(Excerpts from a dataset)
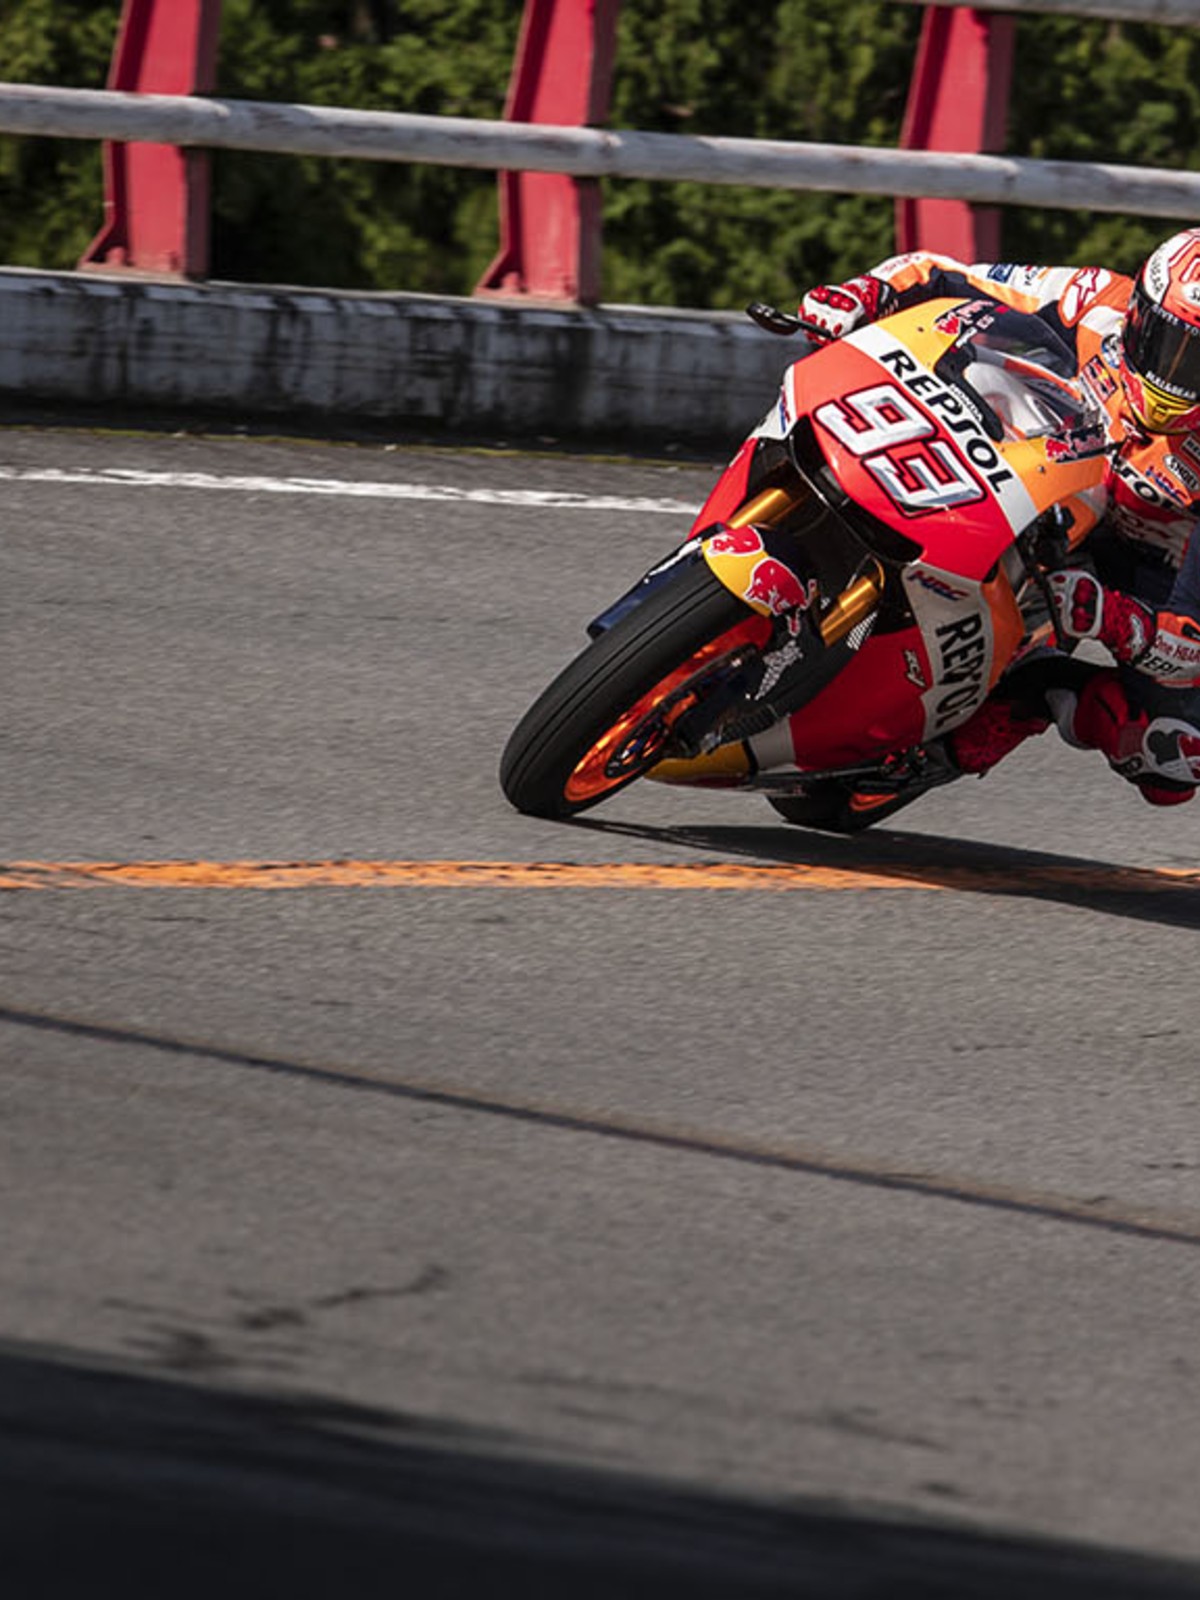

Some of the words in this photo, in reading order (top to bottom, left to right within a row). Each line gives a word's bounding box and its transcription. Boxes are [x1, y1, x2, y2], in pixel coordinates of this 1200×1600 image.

[813, 382, 988, 518] 93
[879, 349, 1013, 494] REPSOL
[1168, 456, 1199, 490] SHOEI
[907, 569, 971, 602] HRC

Task prompt — Where an image appears in the data, skip it, and return the rest verbatim.

Answer for the task —
Some of the words in this photo, in reading order (top to bottom, left to right within a row). Each line gives a word's bounding box and its transcription. Boxes are [x1, y1, x2, y2], in pixel coordinates of this 1200×1600 image.

[813, 382, 988, 518] 93
[879, 349, 1013, 494] REPSOL
[1168, 456, 1199, 490] SHOEI
[907, 569, 971, 602] HRC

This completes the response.